From Atlanta to Birmingham to Little Rock to Memphis, racism and hatred have ruled for far too long. Inequality and ignorance have been influences over understanding and compassion. For millions of people, the back of the bus was the way of life for far too long. Seeing the once-protest filled streets and bridge in Selma, or once-places of slave trade in New Orleans, alerts me to the very seriousness of the erroneous ways of our ancestors and the corrective measures that we and our future children must strive for. When Confederate Flags still fly on capitol steps in Montgomery and racist police still spew their hatred on the ones they are sworn to protect, it proves to me the alarming nature of racism and its historical and cultural roots. These roots are deep and grow off the denial of the truths of fairness and humane treatment. These roots that I have heard of or read about in the halls or textbooks of my formal education are real and still harmful.I witnessed the struggle to rip out these blood stained tragedies by famous figures such as Reverends who preach from the same pulpit as Dr. King, or museum curators who marched with Dr. King and decades later President Obama.

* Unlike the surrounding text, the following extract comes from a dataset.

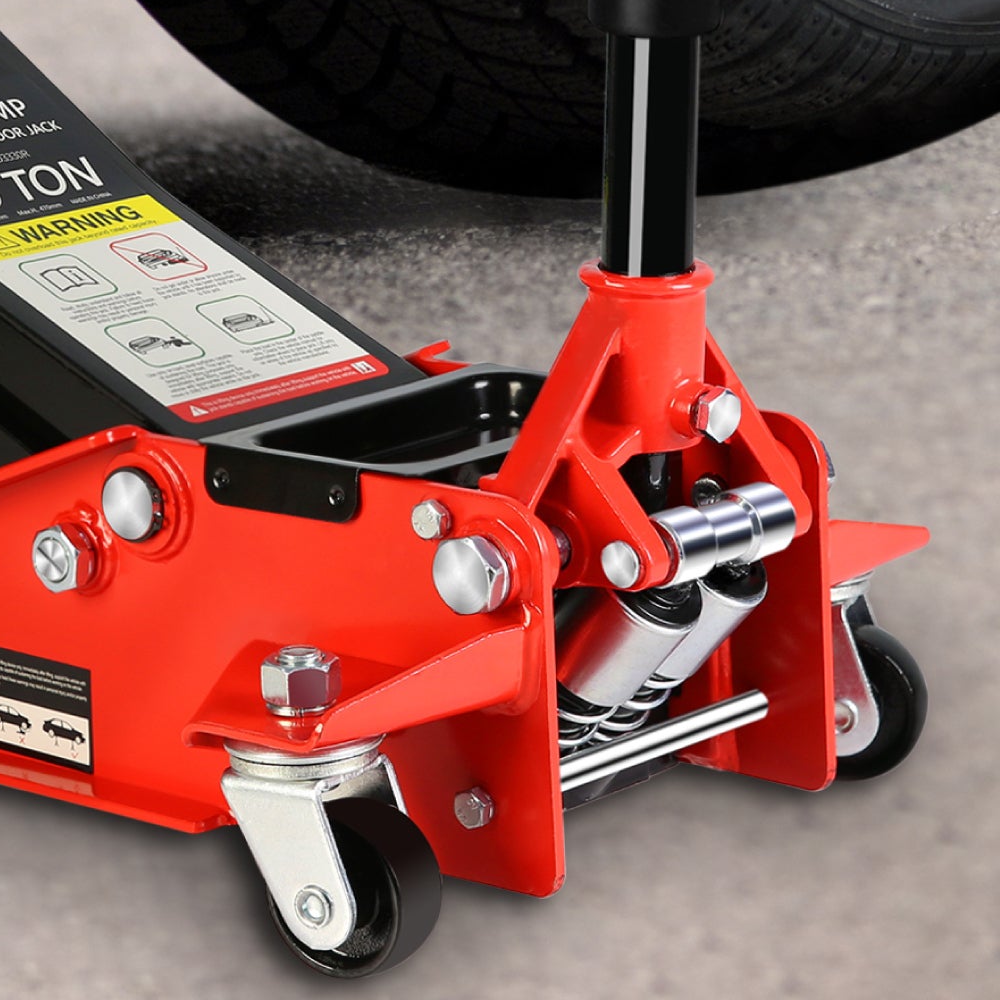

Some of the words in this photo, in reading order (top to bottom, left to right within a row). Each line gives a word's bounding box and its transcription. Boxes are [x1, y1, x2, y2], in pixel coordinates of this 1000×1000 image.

[25, 119, 63, 136] JACK
[0, 155, 104, 202] TON
[9, 205, 143, 244] WARNING

I witnessed the struggle overcome by middle and low income people, to whose names I do not know. I know they pour coffee, or cut hair, or run tourist shops, just making it by so maybe their children or children’s children can go on and maybe someday help ring Dr. King’s dream true. The struggle to overcome hatred and bigotry had no occupation, no income class, and no preference to young or old. I would argue this dream of equality is yet to be reached, but if We as a nation have taken one large step forward with our election of President Obama, this is no time to call it quits or accept the standards that have been set. They must be raised higher and We as a People have to expect more out of all of each other. By higher expectations and reliance on our fellow brother and sisters, we will soon forget the colors that exist in our spectrum of skin pigmentation and see that human soul and emotion have no price tag and no color preference. I will expect and rely on you to be better and stronger as a person, and I hope you will do the same for me.